Listen to Pauli and drop your intake…make sure you training is in check. Just have one cheat meal a week.

GJ[/quote]

drop my intake of what, protein? Hopefully Pauli will chime in soon :slight_smile:

Looking at my ratio’s now it’s close to 49%p and 46%f which I thought was fine because I thought fat should be between 40-60% but thats interesting that lowering protein caused you to lose more fat. Regarding that

  1. Did you just lower protein thus lowering calories (wondering if maybe that was just the reason for fat loss)
  2. How significant has the fat loss been since switching and when did you switch?

Also my goal is still currently to build muscle with as little fat gain as possible but my waist is up ~1/4in. from last week with a slight drop in weight.

What is your waist measurement now?
What was it 6 weeks ago?

What is your weight now?
What was your weight 6 weeks ago?

[quote]Pauli D wrote:
What is your waist measurement now?
What was it 6 weeks ago?

What is your weight now?
What was your weight 6 weeks ago?[/quote]

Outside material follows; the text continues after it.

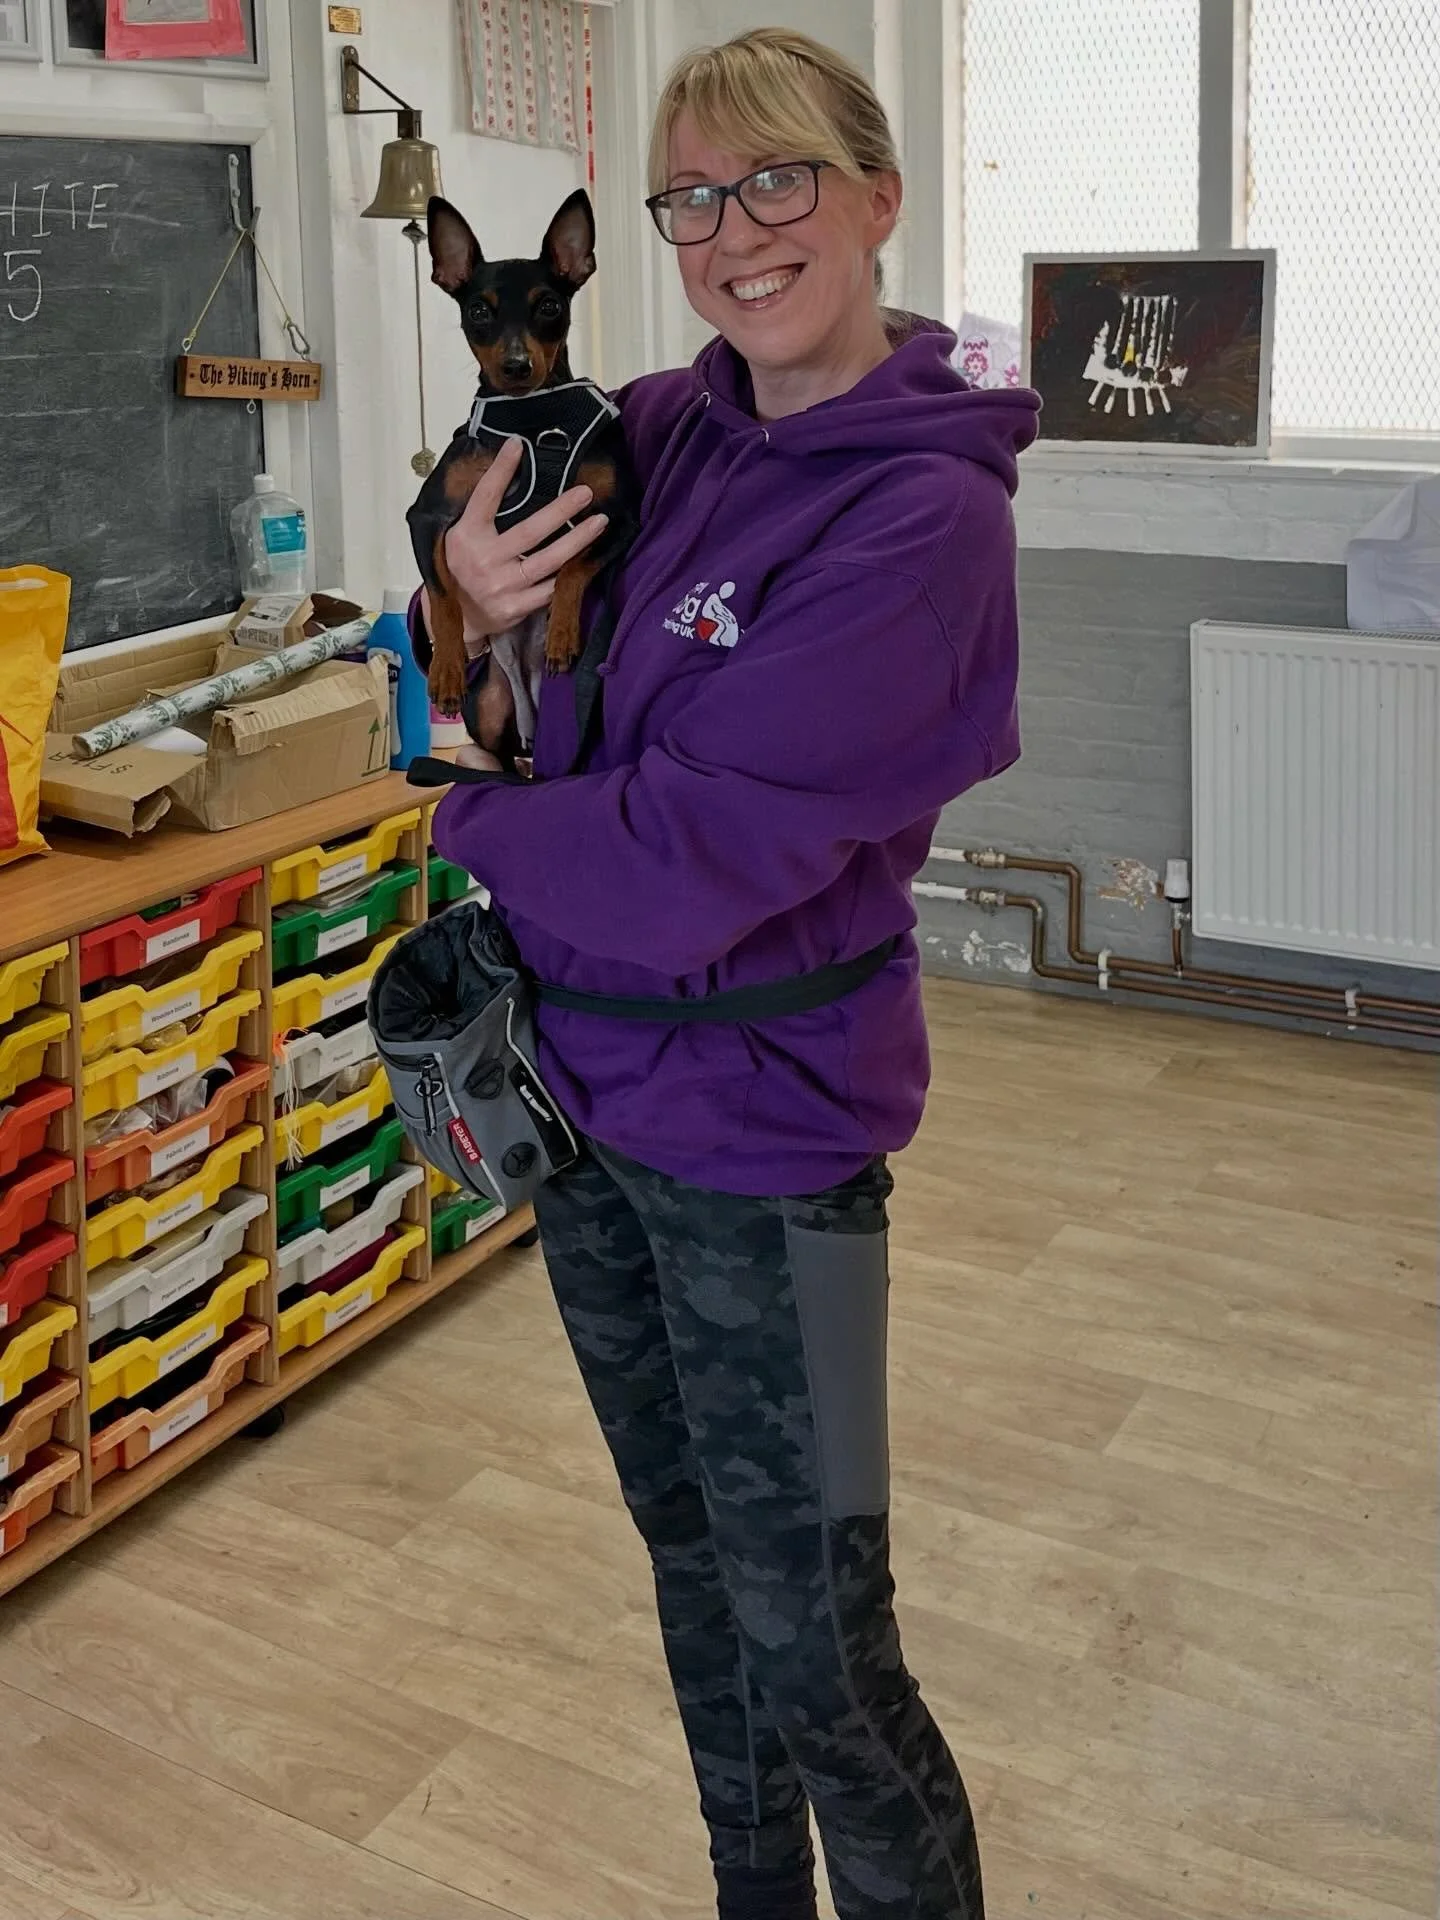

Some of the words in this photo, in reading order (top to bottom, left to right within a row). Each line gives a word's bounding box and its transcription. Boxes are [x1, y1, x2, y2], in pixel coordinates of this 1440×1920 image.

[200, 364, 223, 388] The
[228, 364, 278, 389] Viking's
[281, 367, 310, 391] Horn

This morning and yesterday morning: 186.6lb 32 5/8in.
September 5th (6 weeks ago): 183.8lb 31 7/8in.

So 3/4in. waist gain for less than 3lb. of weight gain. ugh…

[quote]pumped340 wrote:
Pauli D wrote:
What is your waist measurement now?
What was it 6 weeks ago?

What is your weight now?
What was your weight 6 weeks ago?

This morning and yesterday morning: 186.6lb 32 5/8in.
September 5th (6 weeks ago): 183.8lb 31 7/8in.

So 3/4in. waist gain for less than 3lb. of weight gain. ugh…[/quote]

And your indicator lifts…How much progress since Sept 5th?

[quote]pumped340 wrote:
Gymjunkie wrote:
Hey Pumped,

My current ratios are 45% protein and 55% fats. I have ALWAYS thought that higher protein was the key and never believed that this was slowing my fat loss down. There is SO much information out there and you tend to believer everything you read, until you experiment yourself. I have always followed Thibs reco of about 1.75g/lb pro and 0.5g/lb fats when trying to get lean, but stalled so after reading into it more, gave the above a try and things are moving again!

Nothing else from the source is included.